If a doctor has recommended spinal surgery to address your neck or back pain, you may be worried about the procedure, including about how much time you will have to take off to heal. Historically, spinal surgery has been a challenge: In order to access the affected area, a surgeon had to make a large incision and then move aside the muscles surrounding the spine.

But in the last decade, minimally invasive spinal procedures—requiring smaller incisions and causing less damage to the surrounding tissue—have allowed surgeons to navigate the spine and isolate a patient’s spinal problems with better results and less recovery time. “A minimally invasive spine surgery allows for less surgical stress on the patient, including minimal blood loss during surgery, decreased pain after the procedure, and a shorter hospital stay,” says Yale Medicine neurosurgeon Pedro Coutinho, MD, who specializes in spine surgery. 
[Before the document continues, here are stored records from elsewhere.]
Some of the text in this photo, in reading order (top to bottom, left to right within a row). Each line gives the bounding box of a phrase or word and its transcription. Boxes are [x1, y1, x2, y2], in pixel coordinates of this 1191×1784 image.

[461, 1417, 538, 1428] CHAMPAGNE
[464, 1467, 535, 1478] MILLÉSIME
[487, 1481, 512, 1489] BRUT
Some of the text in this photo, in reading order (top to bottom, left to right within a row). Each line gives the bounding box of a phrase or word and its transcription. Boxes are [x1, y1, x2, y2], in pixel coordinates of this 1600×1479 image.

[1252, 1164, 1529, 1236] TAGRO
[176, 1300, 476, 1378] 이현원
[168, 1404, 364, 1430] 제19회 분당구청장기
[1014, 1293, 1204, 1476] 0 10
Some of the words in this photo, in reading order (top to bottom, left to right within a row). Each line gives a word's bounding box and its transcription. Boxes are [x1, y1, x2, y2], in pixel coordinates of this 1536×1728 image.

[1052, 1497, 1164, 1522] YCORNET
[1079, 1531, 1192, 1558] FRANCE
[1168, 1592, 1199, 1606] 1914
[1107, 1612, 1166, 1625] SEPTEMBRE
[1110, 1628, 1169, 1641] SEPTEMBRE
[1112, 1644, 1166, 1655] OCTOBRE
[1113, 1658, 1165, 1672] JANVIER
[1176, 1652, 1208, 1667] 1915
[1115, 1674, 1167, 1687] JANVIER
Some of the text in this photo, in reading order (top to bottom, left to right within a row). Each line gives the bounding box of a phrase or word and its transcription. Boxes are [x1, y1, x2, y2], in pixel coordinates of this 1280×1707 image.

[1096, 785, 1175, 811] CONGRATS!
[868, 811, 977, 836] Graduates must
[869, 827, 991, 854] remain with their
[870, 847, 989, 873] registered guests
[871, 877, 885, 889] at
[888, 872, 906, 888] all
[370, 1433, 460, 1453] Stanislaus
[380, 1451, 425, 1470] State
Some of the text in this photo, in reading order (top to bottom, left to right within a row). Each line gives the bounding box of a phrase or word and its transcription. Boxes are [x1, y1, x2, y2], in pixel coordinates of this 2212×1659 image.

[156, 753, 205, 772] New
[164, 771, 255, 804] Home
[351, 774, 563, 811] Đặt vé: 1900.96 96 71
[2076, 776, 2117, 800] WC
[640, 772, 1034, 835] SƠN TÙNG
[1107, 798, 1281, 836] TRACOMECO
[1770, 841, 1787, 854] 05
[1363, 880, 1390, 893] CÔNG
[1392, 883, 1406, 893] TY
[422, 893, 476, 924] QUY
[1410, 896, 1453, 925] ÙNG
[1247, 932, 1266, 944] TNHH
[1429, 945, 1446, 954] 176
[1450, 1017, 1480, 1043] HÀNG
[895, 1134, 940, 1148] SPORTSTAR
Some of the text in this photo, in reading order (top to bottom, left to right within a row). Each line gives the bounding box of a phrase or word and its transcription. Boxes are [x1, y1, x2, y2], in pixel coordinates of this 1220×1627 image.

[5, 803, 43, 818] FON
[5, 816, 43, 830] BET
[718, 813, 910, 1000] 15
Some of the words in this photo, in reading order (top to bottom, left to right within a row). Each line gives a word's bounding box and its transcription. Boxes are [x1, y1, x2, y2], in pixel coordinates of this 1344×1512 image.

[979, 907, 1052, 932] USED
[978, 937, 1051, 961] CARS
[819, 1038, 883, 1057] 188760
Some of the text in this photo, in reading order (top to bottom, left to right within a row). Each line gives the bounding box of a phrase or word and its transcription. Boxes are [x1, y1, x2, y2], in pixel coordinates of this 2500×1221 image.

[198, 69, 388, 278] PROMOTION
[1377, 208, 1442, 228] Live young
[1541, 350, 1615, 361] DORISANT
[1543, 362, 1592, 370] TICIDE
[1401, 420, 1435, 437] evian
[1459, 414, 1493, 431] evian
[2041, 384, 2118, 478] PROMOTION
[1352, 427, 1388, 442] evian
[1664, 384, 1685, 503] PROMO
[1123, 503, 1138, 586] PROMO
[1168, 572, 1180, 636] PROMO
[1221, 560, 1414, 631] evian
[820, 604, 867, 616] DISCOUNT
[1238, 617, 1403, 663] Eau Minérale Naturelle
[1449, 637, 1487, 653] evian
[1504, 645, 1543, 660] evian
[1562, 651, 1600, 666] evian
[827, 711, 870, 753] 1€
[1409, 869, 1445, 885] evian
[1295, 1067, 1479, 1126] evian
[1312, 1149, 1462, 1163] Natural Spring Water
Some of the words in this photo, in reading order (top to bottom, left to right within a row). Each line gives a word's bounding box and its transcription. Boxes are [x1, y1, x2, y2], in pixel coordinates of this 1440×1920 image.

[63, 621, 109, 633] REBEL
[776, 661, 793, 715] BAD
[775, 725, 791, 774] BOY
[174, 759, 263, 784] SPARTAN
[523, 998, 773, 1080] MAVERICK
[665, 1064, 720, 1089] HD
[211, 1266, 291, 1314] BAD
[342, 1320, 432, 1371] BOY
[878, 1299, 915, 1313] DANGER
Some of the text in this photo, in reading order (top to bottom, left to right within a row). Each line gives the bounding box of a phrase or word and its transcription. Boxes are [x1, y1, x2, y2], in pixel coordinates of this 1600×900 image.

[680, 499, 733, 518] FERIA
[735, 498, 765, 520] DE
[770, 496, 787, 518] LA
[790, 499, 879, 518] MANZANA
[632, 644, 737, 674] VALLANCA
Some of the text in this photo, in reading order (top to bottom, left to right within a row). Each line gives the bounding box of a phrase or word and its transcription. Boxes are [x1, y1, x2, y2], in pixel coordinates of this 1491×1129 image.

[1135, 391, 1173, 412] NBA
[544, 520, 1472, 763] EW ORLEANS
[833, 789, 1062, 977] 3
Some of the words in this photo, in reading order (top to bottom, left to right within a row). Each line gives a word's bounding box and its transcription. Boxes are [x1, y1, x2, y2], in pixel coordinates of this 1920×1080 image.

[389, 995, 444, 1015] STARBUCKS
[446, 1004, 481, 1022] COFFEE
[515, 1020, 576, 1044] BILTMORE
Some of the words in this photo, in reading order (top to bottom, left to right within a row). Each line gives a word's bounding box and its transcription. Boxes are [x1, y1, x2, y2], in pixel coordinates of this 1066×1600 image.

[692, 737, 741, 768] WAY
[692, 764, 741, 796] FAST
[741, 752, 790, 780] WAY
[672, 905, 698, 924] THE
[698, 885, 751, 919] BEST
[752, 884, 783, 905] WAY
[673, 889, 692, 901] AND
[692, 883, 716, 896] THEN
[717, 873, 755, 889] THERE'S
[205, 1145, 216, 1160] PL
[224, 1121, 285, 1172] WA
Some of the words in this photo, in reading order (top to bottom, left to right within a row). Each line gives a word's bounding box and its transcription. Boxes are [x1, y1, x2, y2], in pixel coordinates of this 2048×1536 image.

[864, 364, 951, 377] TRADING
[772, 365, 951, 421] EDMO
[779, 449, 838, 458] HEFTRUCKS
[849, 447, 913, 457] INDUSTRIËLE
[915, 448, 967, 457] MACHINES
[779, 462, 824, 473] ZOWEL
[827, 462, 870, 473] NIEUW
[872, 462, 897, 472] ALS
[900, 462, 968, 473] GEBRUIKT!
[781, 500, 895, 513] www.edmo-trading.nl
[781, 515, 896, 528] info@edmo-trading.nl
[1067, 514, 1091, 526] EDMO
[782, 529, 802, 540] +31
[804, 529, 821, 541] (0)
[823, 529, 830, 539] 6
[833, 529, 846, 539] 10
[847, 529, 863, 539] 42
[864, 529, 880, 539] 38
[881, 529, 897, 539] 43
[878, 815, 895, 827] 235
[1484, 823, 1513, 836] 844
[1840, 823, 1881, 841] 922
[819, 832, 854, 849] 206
Yale Medicine uses cutting-edge technology to perform these procedures so that patients can get back on their feet quickly. Our surgeons routinely perform spine surgeries using intraoperative CT scans, neuro-navigational tools, and robotic arms, Dr. Coutinho says. 

What conditions are treated with minimally invasive spinal surgery?

Common spine problems that compel patients to seek minimally invasive surgical treatment include:

  • Degenerative instability, which happens when joints become so arthritic that patients begin to experience slipped vertebrae.
  • Spondylolisthesis, a condition that often affects the lower spine and happens when one vertebra slips over the vertebra beneath it.
  • Disk herniations with sciatica, in which a patient may experience extreme pain from a pinched nerve that runs down the leg.
  • Myelopathy, which is spinal-cord compression that results in stiffness and weakness in the neck that can also begin to affect the arms and legs.
  • Spinal stenosis, which occurs when the spinal canal has stiffened ligaments and bone spurs. Those abnormalities can begin to compress the nerves that go to the legs, causing pain and difficulty walking.
  • Spinal tumors, which can either be primary tumors that originally developed in the spine or metastatic tumors, which are related to the spread of other cancers.

How does minimally invasive spinal surgery work?

Minimally invasive spinal surgery refers to any procedure in which a surgeon accomplishes the goal of the conventional surgery while sparing the soft tissues and musculature around the spine. 

The procedure usually involves a small incision, and doctors use a variety of tools to access the spine including:

Endoscopic cameras: These thin, fiber-optic cameras can be inserted into the spine through a small incision, giving the surgeon a better understanding of what is happening in the spine and of the type of intervention necessary.

Tubular retractors: These specialized tools are inserted through the skin and soft tissues all the way through to the spinal column. These small retractors effectively create a tunnel space around the area when the surgeon is operating, leaving the rest of the spinal structure untouched.

O-arm imaging: This tool provides intraoperative CT scanning that allows surgeons to see imaging results while the surgery is ongoing. 

These tools have led to fewer infections, have lessened the need for interventions such as blood transfusions, and have led to quicker recovery times. 

What makes Yale Medicine's approach to minimally-invasive spinal surgery unique?

At Yale Medicine, our spinal surgeons are on a constant quest to pioneer advanced, minimally invasive methods that minimize patient trauma. 

Our doctors are passionate about helping patients return to normal functioning as quickly as possible and work with other specialists to ensure this happens. “We collaborate with other neurosurgeons, orthopedic surgeons, pain management doctors, physiatrists, and physical therapists to find better ways to treat our patients,” Dr. Coutinho says.